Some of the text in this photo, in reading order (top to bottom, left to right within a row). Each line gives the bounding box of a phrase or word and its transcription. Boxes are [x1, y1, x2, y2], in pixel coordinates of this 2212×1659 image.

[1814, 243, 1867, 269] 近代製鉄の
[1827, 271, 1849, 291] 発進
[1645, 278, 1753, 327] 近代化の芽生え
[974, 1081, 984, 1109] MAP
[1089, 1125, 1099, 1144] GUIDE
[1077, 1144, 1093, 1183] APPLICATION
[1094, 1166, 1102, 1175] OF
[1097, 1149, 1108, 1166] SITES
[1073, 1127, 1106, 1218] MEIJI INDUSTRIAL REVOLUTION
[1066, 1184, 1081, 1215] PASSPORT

### [Exercise prompt]
Every entry should be retyped exactly as shown.

### [Your response]
Some of the text in this photo, in reading order (top to bottom, left to right within a row). Each line gives the bounding box of a phrase or word and its transcription. Boxes are [x1, y1, x2, y2], in pixel coordinates of this 2212×1659 image.

[1814, 243, 1867, 269] 近代製鉄の
[1827, 271, 1849, 291] 発進
[1645, 278, 1753, 327] 近代化の芽生え
[974, 1081, 984, 1109] MAP
[1089, 1125, 1099, 1144] GUIDE
[1077, 1144, 1093, 1183] APPLICATION
[1094, 1166, 1102, 1175] OF
[1097, 1149, 1108, 1166] SITES
[1073, 1127, 1106, 1218] MEIJI INDUSTRIAL REVOLUTION
[1066, 1184, 1081, 1215] PASSPORT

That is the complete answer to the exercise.